*Your instructions:*
Would you transcribe the whole listing exactly, minus its pictures?

*Information supplied:*
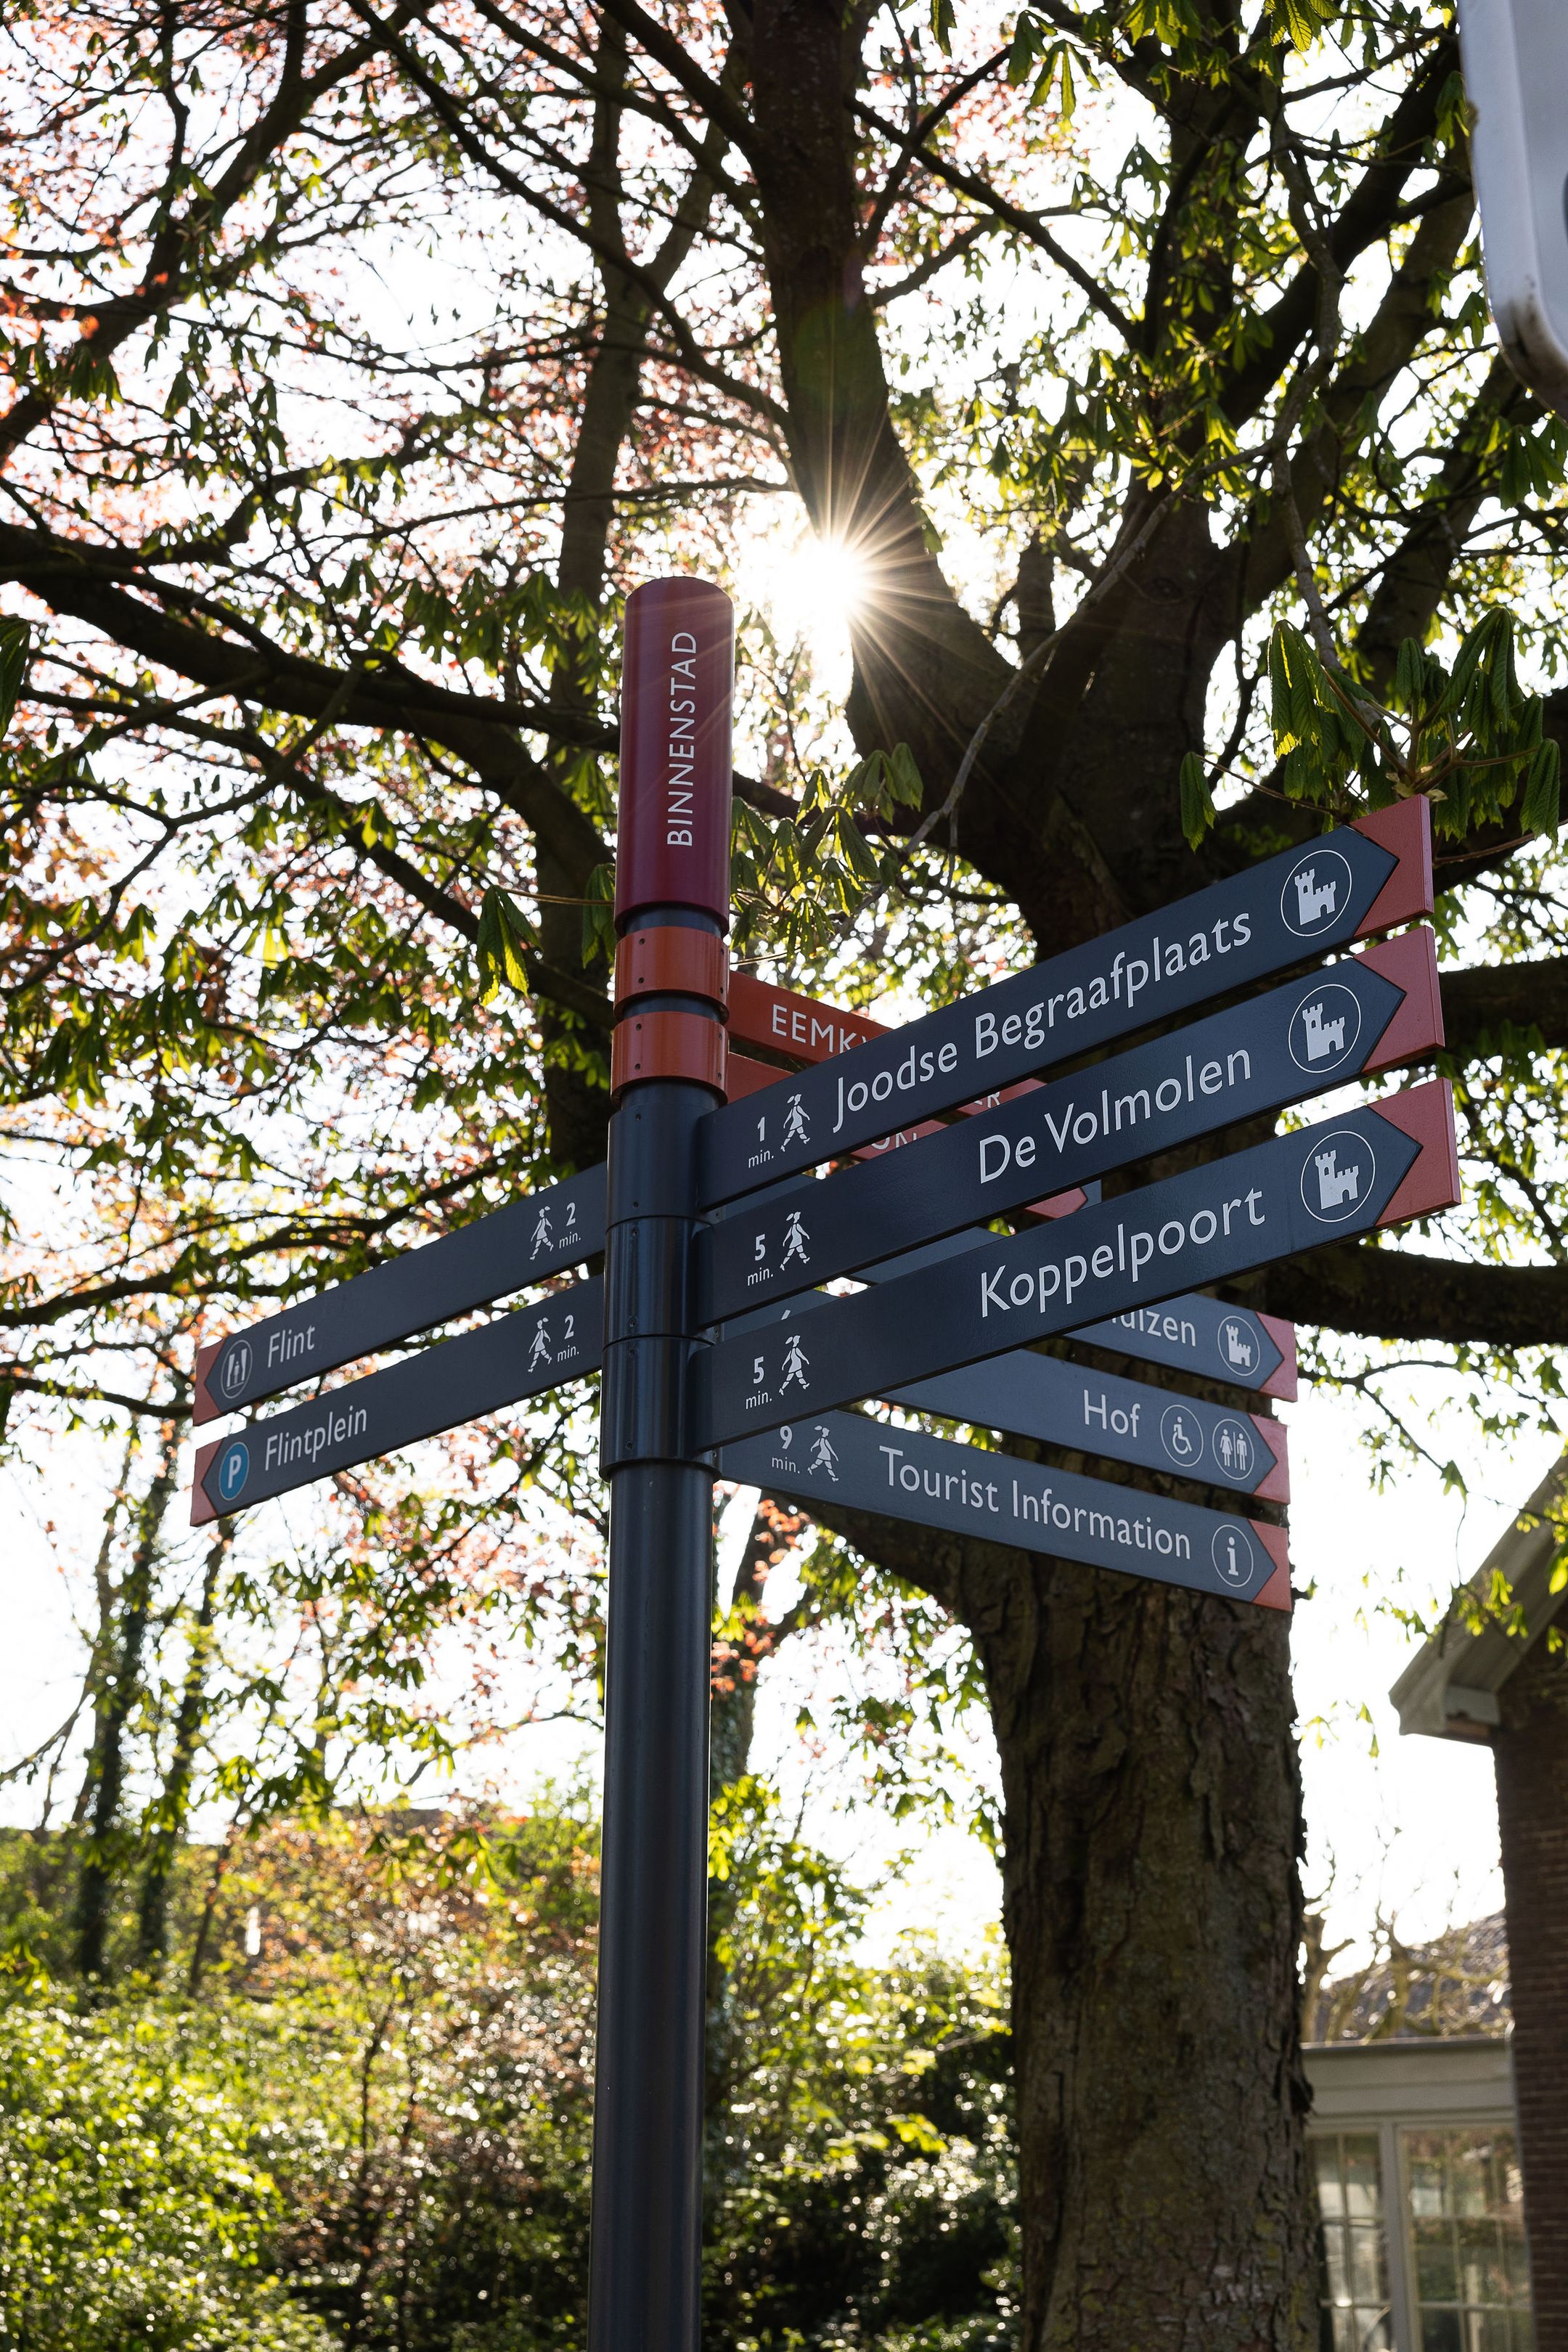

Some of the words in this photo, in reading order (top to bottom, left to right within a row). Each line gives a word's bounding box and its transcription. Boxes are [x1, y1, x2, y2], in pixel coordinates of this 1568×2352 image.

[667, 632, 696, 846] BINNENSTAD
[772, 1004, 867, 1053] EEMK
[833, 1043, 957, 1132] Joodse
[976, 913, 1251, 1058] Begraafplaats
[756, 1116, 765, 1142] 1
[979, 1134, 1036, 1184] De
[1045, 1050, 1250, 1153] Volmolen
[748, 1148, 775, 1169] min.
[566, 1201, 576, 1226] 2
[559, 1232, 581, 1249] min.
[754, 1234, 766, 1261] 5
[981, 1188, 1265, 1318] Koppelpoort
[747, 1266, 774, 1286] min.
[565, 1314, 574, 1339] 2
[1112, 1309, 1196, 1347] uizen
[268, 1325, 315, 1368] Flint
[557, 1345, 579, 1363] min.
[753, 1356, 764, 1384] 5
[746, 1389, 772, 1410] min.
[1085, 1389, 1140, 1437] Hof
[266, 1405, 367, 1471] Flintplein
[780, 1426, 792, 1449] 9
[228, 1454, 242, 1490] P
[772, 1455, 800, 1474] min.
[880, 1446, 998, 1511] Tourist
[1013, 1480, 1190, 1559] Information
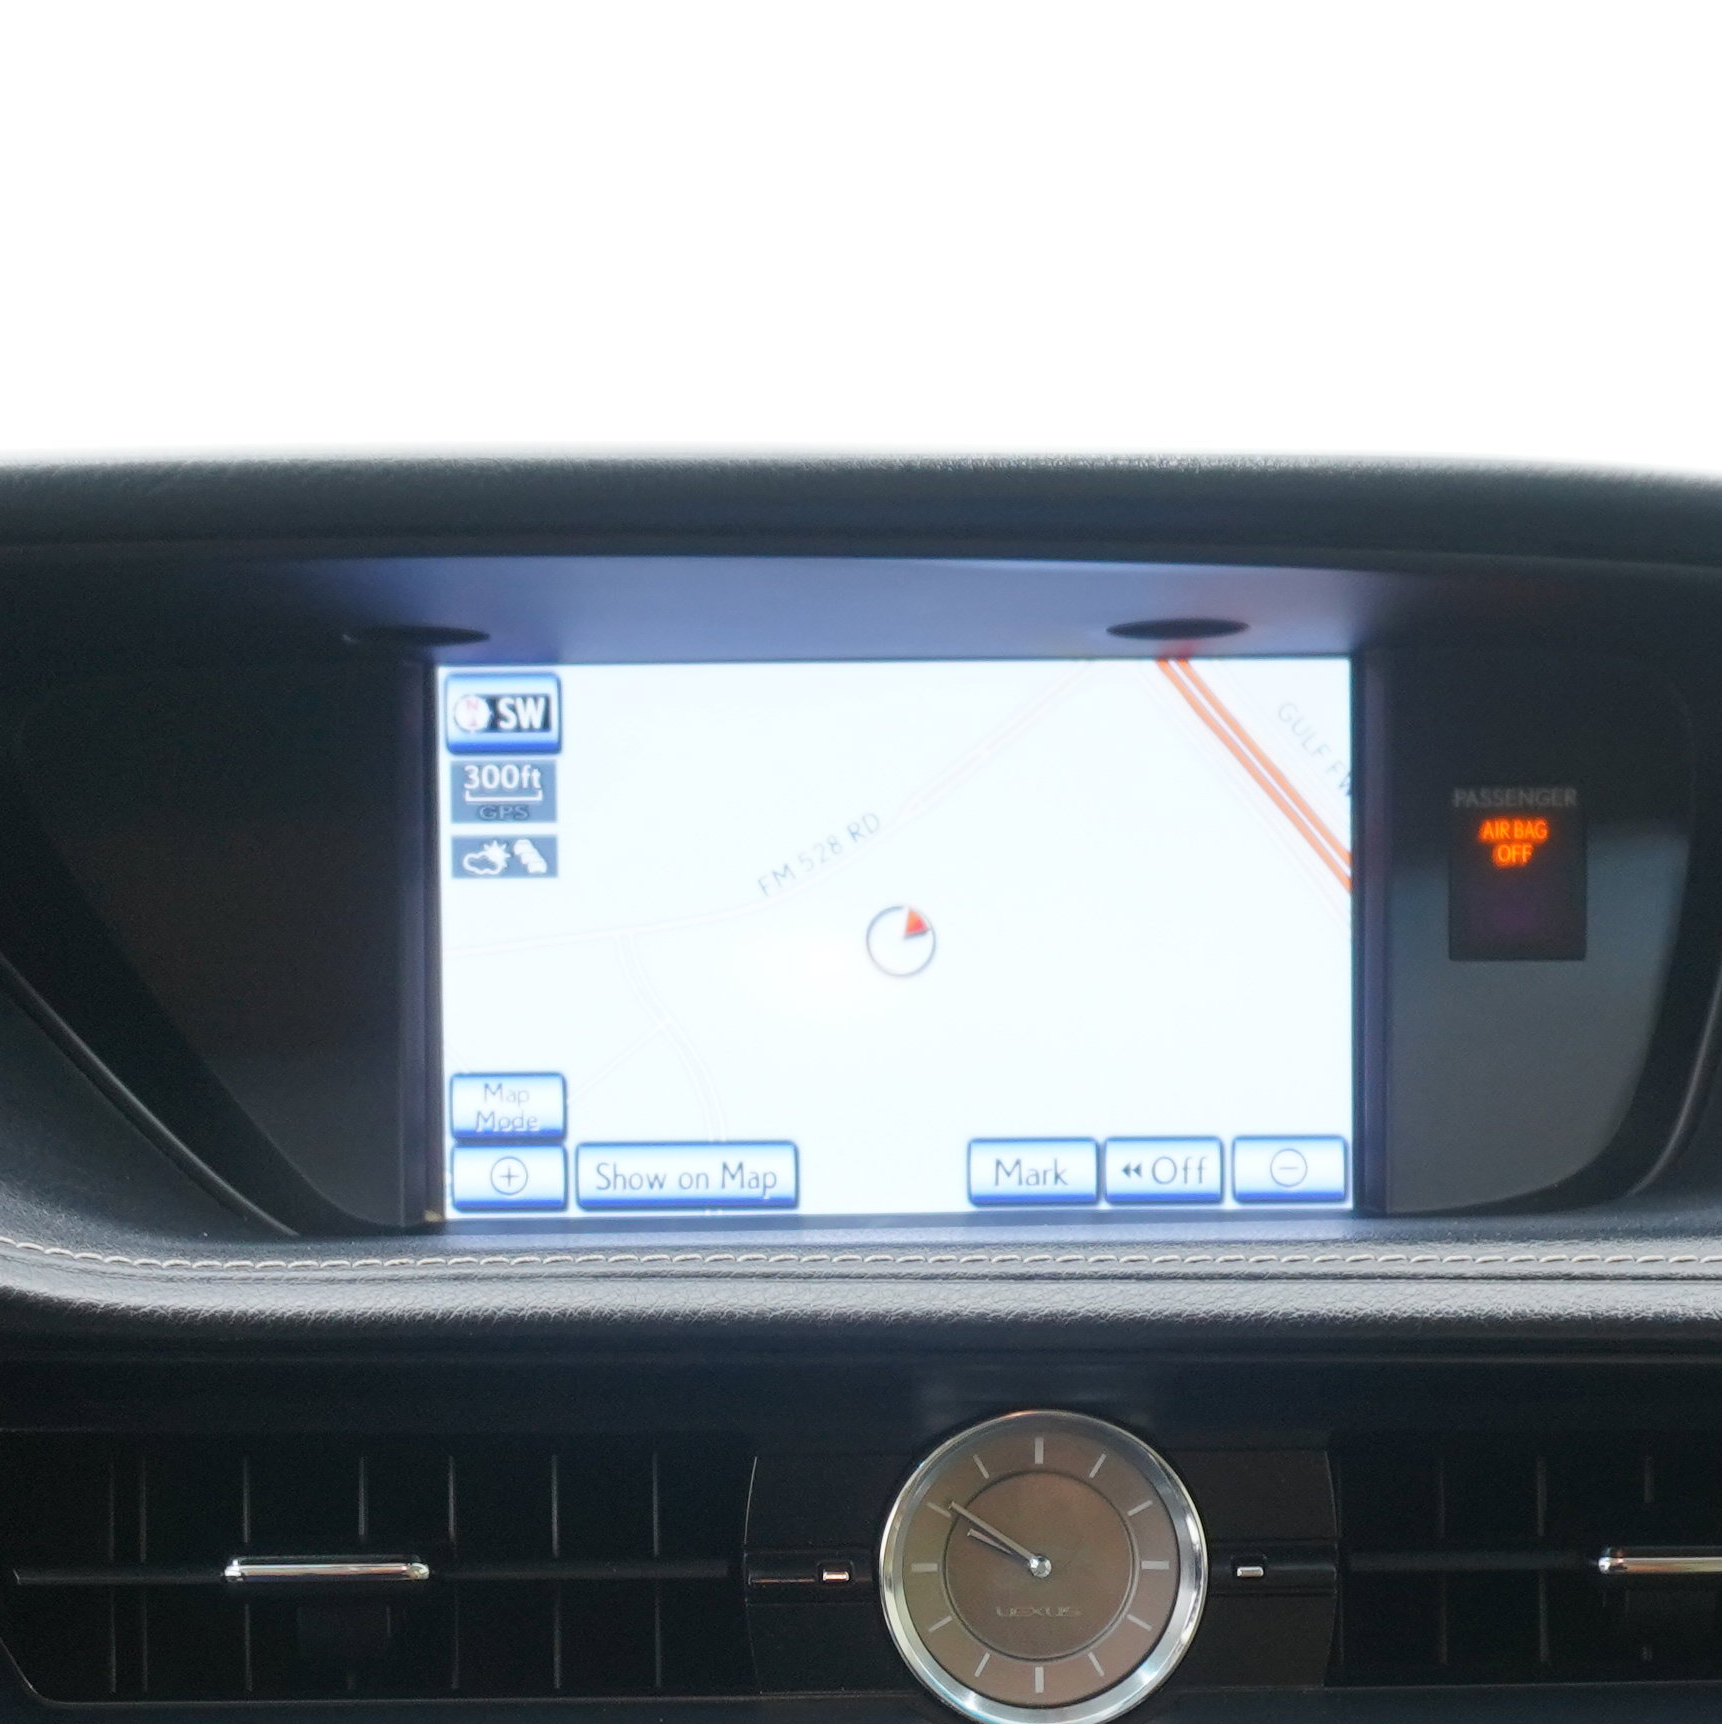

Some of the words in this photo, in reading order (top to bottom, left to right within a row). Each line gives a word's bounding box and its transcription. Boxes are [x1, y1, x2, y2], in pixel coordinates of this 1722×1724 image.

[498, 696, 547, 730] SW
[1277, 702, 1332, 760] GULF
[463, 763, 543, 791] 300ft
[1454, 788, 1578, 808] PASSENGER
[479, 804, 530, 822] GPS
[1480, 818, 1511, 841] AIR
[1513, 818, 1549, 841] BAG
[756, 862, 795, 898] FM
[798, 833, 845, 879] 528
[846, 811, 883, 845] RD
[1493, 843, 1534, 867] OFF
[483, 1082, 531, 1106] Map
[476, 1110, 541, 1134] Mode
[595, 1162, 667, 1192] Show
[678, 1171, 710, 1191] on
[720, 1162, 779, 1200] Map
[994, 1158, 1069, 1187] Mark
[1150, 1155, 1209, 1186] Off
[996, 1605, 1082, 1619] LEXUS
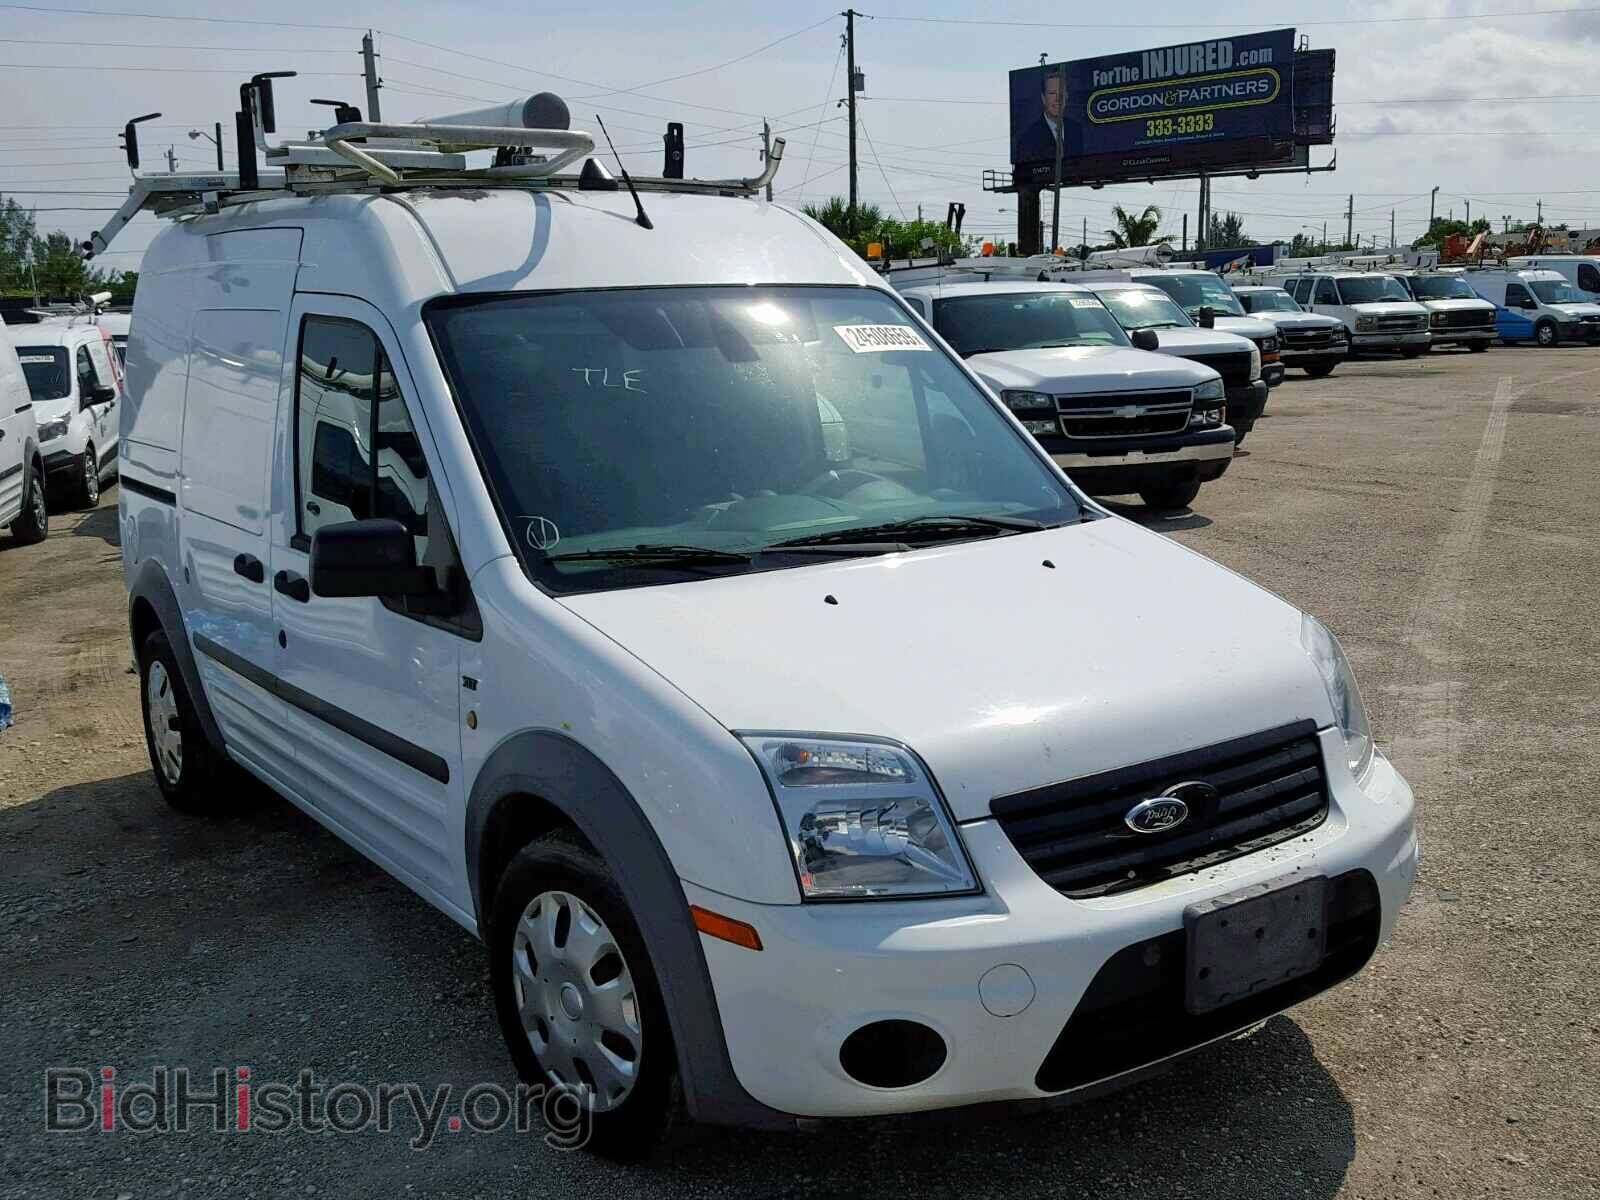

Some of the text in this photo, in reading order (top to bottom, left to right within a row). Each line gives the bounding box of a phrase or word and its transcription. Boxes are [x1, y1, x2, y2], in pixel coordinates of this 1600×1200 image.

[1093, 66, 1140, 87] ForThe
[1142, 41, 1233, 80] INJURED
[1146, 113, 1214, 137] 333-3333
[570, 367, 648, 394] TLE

*Written solution:*
Some of the words in this photo, in reading order (top to bottom, left to right within a row). Each line gives a word's bounding box and its transcription. Boxes are [x1, y1, x2, y2], in pixel coordinates of this 1568×2352 image.

[667, 632, 696, 846] BINNENSTAD
[772, 1004, 867, 1053] EEMK
[833, 1043, 957, 1132] Joodse
[976, 913, 1251, 1058] Begraafplaats
[756, 1116, 765, 1142] 1
[979, 1134, 1036, 1184] De
[1045, 1050, 1250, 1153] Volmolen
[748, 1148, 775, 1169] min.
[566, 1201, 576, 1226] 2
[559, 1232, 581, 1249] min.
[754, 1234, 766, 1261] 5
[981, 1188, 1265, 1318] Koppelpoort
[747, 1266, 774, 1286] min.
[565, 1314, 574, 1339] 2
[1112, 1309, 1196, 1347] uizen
[268, 1325, 315, 1368] Flint
[557, 1345, 579, 1363] min.
[753, 1356, 764, 1384] 5
[746, 1389, 772, 1410] min.
[1085, 1389, 1140, 1437] Hof
[266, 1405, 367, 1471] Flintplein
[780, 1426, 792, 1449] 9
[228, 1454, 242, 1490] P
[772, 1455, 800, 1474] min.
[880, 1446, 998, 1511] Tourist
[1013, 1480, 1190, 1559] Information

Some of the words in this photo, in reading order (top to bottom, left to right within a row). Each line gives a word's bounding box and its transcription. Boxes are [x1, y1, x2, y2], in pixel coordinates of this 1722×1724 image.

[498, 696, 547, 730] SW
[1277, 702, 1332, 760] GULF
[463, 763, 543, 791] 300ft
[1454, 788, 1578, 808] PASSENGER
[479, 804, 530, 822] GPS
[1480, 818, 1511, 841] AIR
[1513, 818, 1549, 841] BAG
[756, 862, 795, 898] FM
[798, 833, 845, 879] 528
[846, 811, 883, 845] RD
[1493, 843, 1534, 867] OFF
[483, 1082, 531, 1106] Map
[476, 1110, 541, 1134] Mode
[595, 1162, 667, 1192] Show
[678, 1171, 710, 1191] on
[720, 1162, 779, 1200] Map
[994, 1158, 1069, 1187] Mark
[1150, 1155, 1209, 1186] Off
[996, 1605, 1082, 1619] LEXUS

Some of the text in this photo, in reading order (top to bottom, left to right within a row). Each line gives the bounding box of a phrase or word and its transcription. Boxes are [x1, y1, x2, y2], in pixel coordinates of this 1600×1200 image.

[1093, 66, 1140, 87] ForThe
[1142, 41, 1233, 80] INJURED
[1146, 113, 1214, 137] 333-3333
[570, 367, 648, 394] TLE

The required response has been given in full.